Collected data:
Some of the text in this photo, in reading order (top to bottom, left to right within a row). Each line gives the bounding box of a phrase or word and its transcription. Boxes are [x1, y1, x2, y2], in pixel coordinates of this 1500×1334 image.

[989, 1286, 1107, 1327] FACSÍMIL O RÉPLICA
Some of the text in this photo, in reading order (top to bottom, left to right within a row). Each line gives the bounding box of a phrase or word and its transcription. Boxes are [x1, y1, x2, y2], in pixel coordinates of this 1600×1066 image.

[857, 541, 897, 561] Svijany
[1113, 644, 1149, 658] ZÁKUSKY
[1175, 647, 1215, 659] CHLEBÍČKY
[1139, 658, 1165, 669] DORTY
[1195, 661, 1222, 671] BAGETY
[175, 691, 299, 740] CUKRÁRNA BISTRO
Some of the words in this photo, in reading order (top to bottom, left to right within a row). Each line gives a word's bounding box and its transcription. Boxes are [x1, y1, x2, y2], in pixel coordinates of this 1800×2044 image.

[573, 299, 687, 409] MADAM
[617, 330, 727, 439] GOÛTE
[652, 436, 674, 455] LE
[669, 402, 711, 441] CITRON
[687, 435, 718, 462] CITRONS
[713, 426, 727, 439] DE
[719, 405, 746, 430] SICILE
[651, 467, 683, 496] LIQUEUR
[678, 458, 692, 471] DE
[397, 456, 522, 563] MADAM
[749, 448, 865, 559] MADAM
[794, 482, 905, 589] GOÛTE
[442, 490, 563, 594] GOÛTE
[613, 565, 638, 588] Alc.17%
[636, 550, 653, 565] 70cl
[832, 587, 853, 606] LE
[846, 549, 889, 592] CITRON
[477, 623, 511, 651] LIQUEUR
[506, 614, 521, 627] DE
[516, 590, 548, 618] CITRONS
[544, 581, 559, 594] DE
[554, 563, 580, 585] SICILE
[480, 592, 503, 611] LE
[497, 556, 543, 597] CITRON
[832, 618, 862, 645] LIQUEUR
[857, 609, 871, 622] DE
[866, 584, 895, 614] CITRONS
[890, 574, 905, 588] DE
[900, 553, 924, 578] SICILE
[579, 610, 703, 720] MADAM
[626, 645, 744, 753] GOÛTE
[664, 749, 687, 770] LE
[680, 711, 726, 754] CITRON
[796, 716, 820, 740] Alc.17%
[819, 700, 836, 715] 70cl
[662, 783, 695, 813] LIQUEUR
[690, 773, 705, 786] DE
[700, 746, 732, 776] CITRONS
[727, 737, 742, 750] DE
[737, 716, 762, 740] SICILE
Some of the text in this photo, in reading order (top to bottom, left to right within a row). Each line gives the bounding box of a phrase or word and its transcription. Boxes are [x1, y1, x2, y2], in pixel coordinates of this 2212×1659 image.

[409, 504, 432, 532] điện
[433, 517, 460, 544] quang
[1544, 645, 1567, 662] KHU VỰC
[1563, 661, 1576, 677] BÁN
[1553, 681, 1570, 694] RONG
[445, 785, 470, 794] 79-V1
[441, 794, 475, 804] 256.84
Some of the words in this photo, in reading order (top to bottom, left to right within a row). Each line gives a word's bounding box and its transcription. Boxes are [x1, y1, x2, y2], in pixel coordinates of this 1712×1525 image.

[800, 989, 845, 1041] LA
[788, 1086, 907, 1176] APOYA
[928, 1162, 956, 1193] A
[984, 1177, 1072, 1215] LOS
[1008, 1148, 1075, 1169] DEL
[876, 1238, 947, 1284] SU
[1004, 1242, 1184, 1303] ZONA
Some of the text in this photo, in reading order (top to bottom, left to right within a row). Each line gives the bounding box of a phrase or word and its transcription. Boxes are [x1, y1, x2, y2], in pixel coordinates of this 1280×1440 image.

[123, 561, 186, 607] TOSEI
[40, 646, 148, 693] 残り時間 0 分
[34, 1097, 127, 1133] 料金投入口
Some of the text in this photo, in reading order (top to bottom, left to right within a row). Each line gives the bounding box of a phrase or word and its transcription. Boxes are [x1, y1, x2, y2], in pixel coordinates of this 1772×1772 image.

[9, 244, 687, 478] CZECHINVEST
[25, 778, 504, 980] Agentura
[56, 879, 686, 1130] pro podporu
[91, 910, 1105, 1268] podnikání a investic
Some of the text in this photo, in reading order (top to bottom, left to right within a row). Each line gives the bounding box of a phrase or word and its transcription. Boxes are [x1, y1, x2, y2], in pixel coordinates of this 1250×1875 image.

→ ASSIGNED TASK
Once you have read the records above, write them all out exactly.

→ TASK ANSWER
Some of the text in this photo, in reading order (top to bottom, left to right within a row). Each line gives the bounding box of a phrase or word and its transcription. Boxes are [x1, y1, x2, y2], in pixel coordinates of this 1500×1334 image.

[989, 1286, 1107, 1327] FACSÍMIL O RÉPLICA
Some of the text in this photo, in reading order (top to bottom, left to right within a row). Each line gives the bounding box of a phrase or word and its transcription. Boxes are [x1, y1, x2, y2], in pixel coordinates of this 1600×1066 image.

[857, 541, 897, 561] Svijany
[1113, 644, 1149, 658] ZÁKUSKY
[1175, 647, 1215, 659] CHLEBÍČKY
[1139, 658, 1165, 669] DORTY
[1195, 661, 1222, 671] BAGETY
[175, 691, 299, 740] CUKRÁRNA BISTRO
Some of the words in this photo, in reading order (top to bottom, left to right within a row). Each line gives a word's bounding box and its transcription. Boxes are [x1, y1, x2, y2], in pixel coordinates of this 1800×2044 image.

[573, 299, 687, 409] MADAM
[617, 330, 727, 439] GOÛTE
[652, 436, 674, 455] LE
[669, 402, 711, 441] CITRON
[687, 435, 718, 462] CITRONS
[713, 426, 727, 439] DE
[719, 405, 746, 430] SICILE
[651, 467, 683, 496] LIQUEUR
[678, 458, 692, 471] DE
[397, 456, 522, 563] MADAM
[749, 448, 865, 559] MADAM
[794, 482, 905, 589] GOÛTE
[442, 490, 563, 594] GOÛTE
[613, 565, 638, 588] Alc.17%
[636, 550, 653, 565] 70cl
[832, 587, 853, 606] LE
[846, 549, 889, 592] CITRON
[477, 623, 511, 651] LIQUEUR
[506, 614, 521, 627] DE
[516, 590, 548, 618] CITRONS
[544, 581, 559, 594] DE
[554, 563, 580, 585] SICILE
[480, 592, 503, 611] LE
[497, 556, 543, 597] CITRON
[832, 618, 862, 645] LIQUEUR
[857, 609, 871, 622] DE
[866, 584, 895, 614] CITRONS
[890, 574, 905, 588] DE
[900, 553, 924, 578] SICILE
[579, 610, 703, 720] MADAM
[626, 645, 744, 753] GOÛTE
[664, 749, 687, 770] LE
[680, 711, 726, 754] CITRON
[796, 716, 820, 740] Alc.17%
[819, 700, 836, 715] 70cl
[662, 783, 695, 813] LIQUEUR
[690, 773, 705, 786] DE
[700, 746, 732, 776] CITRONS
[727, 737, 742, 750] DE
[737, 716, 762, 740] SICILE
Some of the text in this photo, in reading order (top to bottom, left to right within a row). Each line gives the bounding box of a phrase or word and its transcription. Boxes are [x1, y1, x2, y2], in pixel coordinates of this 2212×1659 image.

[409, 504, 432, 532] điện
[433, 517, 460, 544] quang
[1544, 645, 1567, 662] KHU VỰC
[1563, 661, 1576, 677] BÁN
[1553, 681, 1570, 694] RONG
[445, 785, 470, 794] 79-V1
[441, 794, 475, 804] 256.84
Some of the words in this photo, in reading order (top to bottom, left to right within a row). Each line gives a word's bounding box and its transcription. Boxes are [x1, y1, x2, y2], in pixel coordinates of this 1712×1525 image.

[800, 989, 845, 1041] LA
[788, 1086, 907, 1176] APOYA
[928, 1162, 956, 1193] A
[984, 1177, 1072, 1215] LOS
[1008, 1148, 1075, 1169] DEL
[876, 1238, 947, 1284] SU
[1004, 1242, 1184, 1303] ZONA
Some of the text in this photo, in reading order (top to bottom, left to right within a row). Each line gives the bounding box of a phrase or word and its transcription. Boxes are [x1, y1, x2, y2], in pixel coordinates of this 1280×1440 image.

[123, 561, 186, 607] TOSEI
[40, 646, 148, 693] 残り時間 0 分
[34, 1097, 127, 1133] 料金投入口
Some of the text in this photo, in reading order (top to bottom, left to right within a row). Each line gives the bounding box of a phrase or word and its transcription. Boxes are [x1, y1, x2, y2], in pixel coordinates of this 1772×1772 image.

[9, 244, 687, 478] CZECHINVEST
[25, 778, 504, 980] Agentura
[56, 879, 686, 1130] pro podporu
[91, 910, 1105, 1268] podnikání a investic
Some of the text in this photo, in reading order (top to bottom, left to right within a row). Each line gives the bounding box of a phrase or word and its transcription. Boxes are [x1, y1, x2, y2], in pixel coordinates of this 1250×1875 image.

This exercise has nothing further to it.